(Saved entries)
┌────────

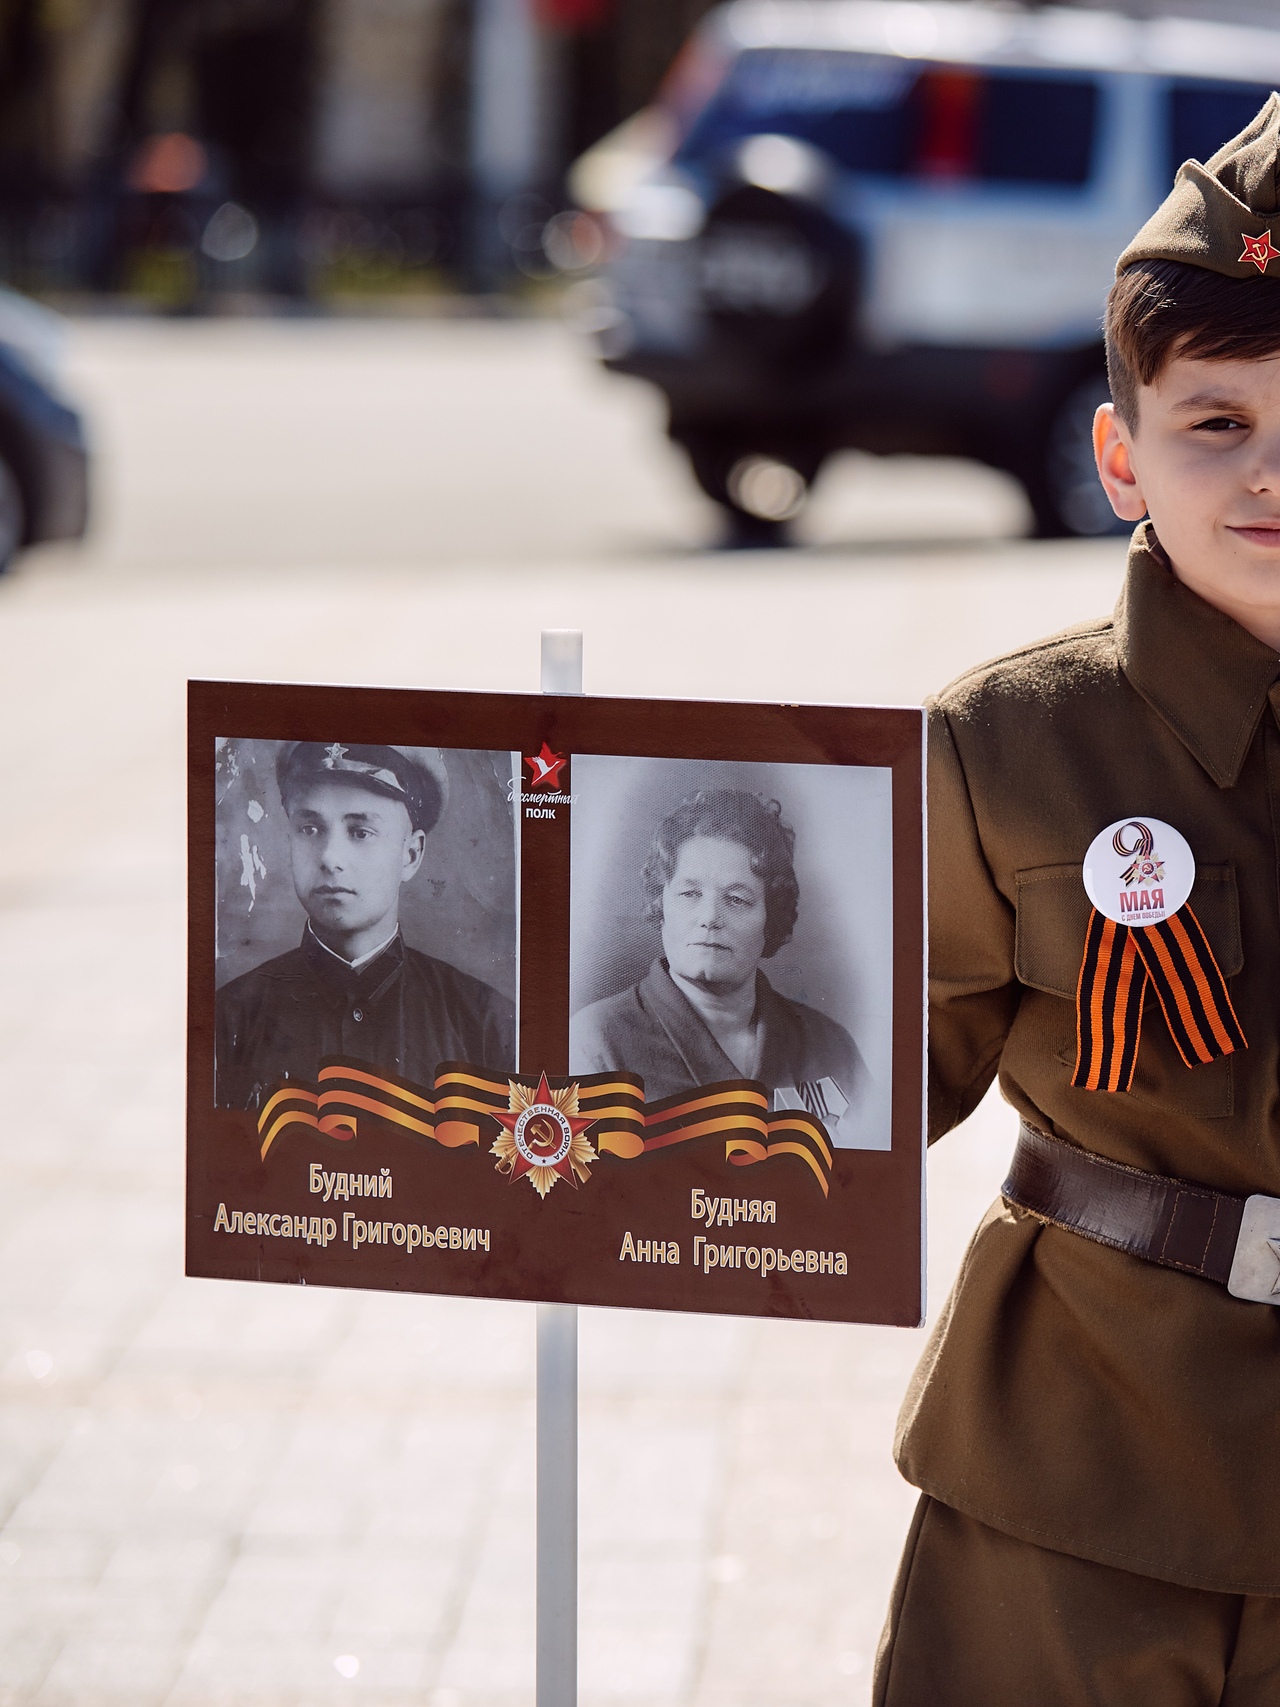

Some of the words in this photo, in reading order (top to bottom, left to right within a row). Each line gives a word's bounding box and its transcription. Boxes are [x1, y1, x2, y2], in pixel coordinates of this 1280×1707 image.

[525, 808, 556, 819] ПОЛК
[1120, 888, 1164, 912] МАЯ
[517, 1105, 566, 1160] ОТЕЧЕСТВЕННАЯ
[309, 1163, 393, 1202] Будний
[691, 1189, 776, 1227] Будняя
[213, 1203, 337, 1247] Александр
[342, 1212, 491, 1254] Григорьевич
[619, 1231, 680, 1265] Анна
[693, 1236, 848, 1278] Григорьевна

└────────

> **To do**
Your answer must be an exact copy of every entry, with the pictures left out.

> **Exercise result**
Some of the words in this photo, in reading order (top to bottom, left to right within a row). Each line gives a word's bounding box and its transcription. Boxes are [x1, y1, x2, y2], in pixel coordinates of this 1280×1707 image.

[525, 808, 556, 819] ПОЛК
[1120, 888, 1164, 912] МАЯ
[517, 1105, 566, 1160] ОТЕЧЕСТВЕННАЯ
[309, 1163, 393, 1202] Будний
[691, 1189, 776, 1227] Будняя
[213, 1203, 337, 1247] Александр
[342, 1212, 491, 1254] Григорьевич
[619, 1231, 680, 1265] Анна
[693, 1236, 848, 1278] Григорьевна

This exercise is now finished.